Ailesiyle Türkiye’ye tahliye edilen Sulh Hepçomar, sığınaklarda kaldıklarını söyleyerek, “Çocukla yerin 2-3 metre altında kaldık, evimizle sığınak arası 7 dakika mesafeydi” dedi.
Rusya’nın askeri harekatı sürdürdüğü Ukrayna’dan tahliye edilen Türklerin ana vatana gelişleri devam ediyor.
Dışişleri Bakanlığı’nın organizasyonuyla Romanya’dan otobüse bindirilen, aralarında Ukraynalıların da bulunmuş olduğu 45 şahıs, Edirne’den Bulgaristan’a oluşturulan Hamzabeyli Sınır Kapısı’ndan Türkiye’ye geldi.

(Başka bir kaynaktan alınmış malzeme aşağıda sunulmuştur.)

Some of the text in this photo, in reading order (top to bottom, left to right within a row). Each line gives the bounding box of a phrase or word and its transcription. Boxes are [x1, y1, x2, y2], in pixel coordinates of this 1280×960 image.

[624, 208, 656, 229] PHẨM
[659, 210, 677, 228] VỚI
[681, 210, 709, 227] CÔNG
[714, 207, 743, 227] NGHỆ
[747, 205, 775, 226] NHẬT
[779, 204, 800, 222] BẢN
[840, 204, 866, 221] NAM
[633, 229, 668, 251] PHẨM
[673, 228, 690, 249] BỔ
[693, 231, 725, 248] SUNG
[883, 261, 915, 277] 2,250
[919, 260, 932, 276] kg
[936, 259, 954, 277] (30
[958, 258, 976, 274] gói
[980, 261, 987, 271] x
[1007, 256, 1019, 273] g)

Hamzabeyli’de yiyecek ve içecek ikramı meydana getirilen kişiler, Türkiye’de olmaktan mutlu duyduklarını dile getirdi.
Odessa’da 14 senedir grafik tasarımıyla uğraşan Sulh Hepçomar da Rusya asıllı eşi Anna Hepçomar ve kızı ile Türkiye’ye geldi.
14 senelik birikimlerini geride bıraktıklarını özetleyen Sulh Hepçomar, “Harp çıkmış olduğu ilk gün çatışmalar oldukca azdı aslına bakarsan. İlk gün havalimanlarını bombaladılar, askeri havalimanlarını. Öyleki geçti ilk gün. İkinci gün ise oldukca şiddetli geçti. İkinci gün sığınaklara gitmek zorunda kaldık. Yanımıza fazla yiyecek alamadık. Orada Ruslar da vardı, çolukla çocukla yerin 2-3 metre altında kalmak zorunda kaldık. O gün öğlen sığınağa girdik. Ertesi gün saat 06.00’da çıkabildik sığınaktan. Evimiz ile sığınak arası 7 dakika mesafeydi.

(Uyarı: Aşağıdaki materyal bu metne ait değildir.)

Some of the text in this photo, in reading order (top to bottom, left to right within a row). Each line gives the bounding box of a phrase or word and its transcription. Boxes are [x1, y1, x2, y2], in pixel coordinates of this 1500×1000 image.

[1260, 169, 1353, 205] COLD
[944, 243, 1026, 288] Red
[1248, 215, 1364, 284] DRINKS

Ukrayna’dan dönen Türk: Çocukla yerin 3 metre altında kaldık VİDEO
Evimizin oraya geldiğimizde 400 mesafede 7 tane Rus tankı vardı, 3 tanesi terk edilmiş, 4 tanesi patlatılmıştı. Tüm dükkanlar yanmış, oradaki tüm mağazalar yanmış, apartmanların camları her taraf inmiş. Fazlaca fena bir ortam vardı. Konsoloslukta devamlı kontakt halindeydik fakat biz kendimiz çıkamıyorduk oradan. Orada oluşturulan bir köprü var. O köprüyü Rus askerleri geçmesin diye kaldırıyorlar. Onu kaldırdıkları için düzgüsel araçlar da geçemiyor, sonrasında bizlere konsolosluktan haber geldi. Onun yardımıyla 30 dakika içinde bir tek üstümüzü, başımıza aldık ve çıktık otobüse yetiştik. Konsolosluğa geldik. Konsolosluktan destek oldular, sağ olsunlar. 27 kişiydik, orada kapalı bir otel vardı, oteli açtırdılar. Hepimizi otele yerleştirdiler. Otelden sonrasında işte yolculuğumuz başladı ertesi gün.” diye konuştu.
Rus eşinin avukat bulunduğunu sadece fakültede fotoğrafçılık okuduğunu ve beraber çalıştıklarını söyleyen Hepçomar, “Her şeyimiz orada kaldı. Hiçbir şeyimizi anlamadık. Şu an üstümüzde ne var ise o. Çocuğun ilacı var bagajımızda, çocuğumun alerjik rahatsızlığı var. Nefes alması için bir aygıt var. Onları alabildik. Onun haricinde başka bir şey almadık. Telefonlarımız, üstümüzdekiler bu şekilde geldik”. dedi.
Sulh Hepçomar’ın eşi Anna Hepçomar da Rusya lideri Vladimir Putin’in yaptığının doğru olmadığını ve terör oluşturduğu söylemiş oldu. Hepçomar, Ukrayna’da yaşayan Ruslar ile Ukraynalı halk içinde mesele olmadığını altını çizdi.
Eşi ve 2 aylık bebekleri ile Odessa’dan Türkiye’ye gelen Allina-Samet Aydoğan çifti de geride akrabalarını bıraktıklarını söylemiş oldu.
Oğulları Samet’in 2 ay ilkin dünyaya geldiğini özetleyen Allina Aydoğan, “Odessa’dan kaçtık. Kiev ve Harkov’u bombardımana tuttu Rusya. Odessa da bu şekilde bir duruma düşmeden kaçmaya karar verdik savaştan bundan dolayı artık oldukca feci bir bombardımana tuttu halkı. Milletin hepsi bodrum katlarına firar etti.” dedi.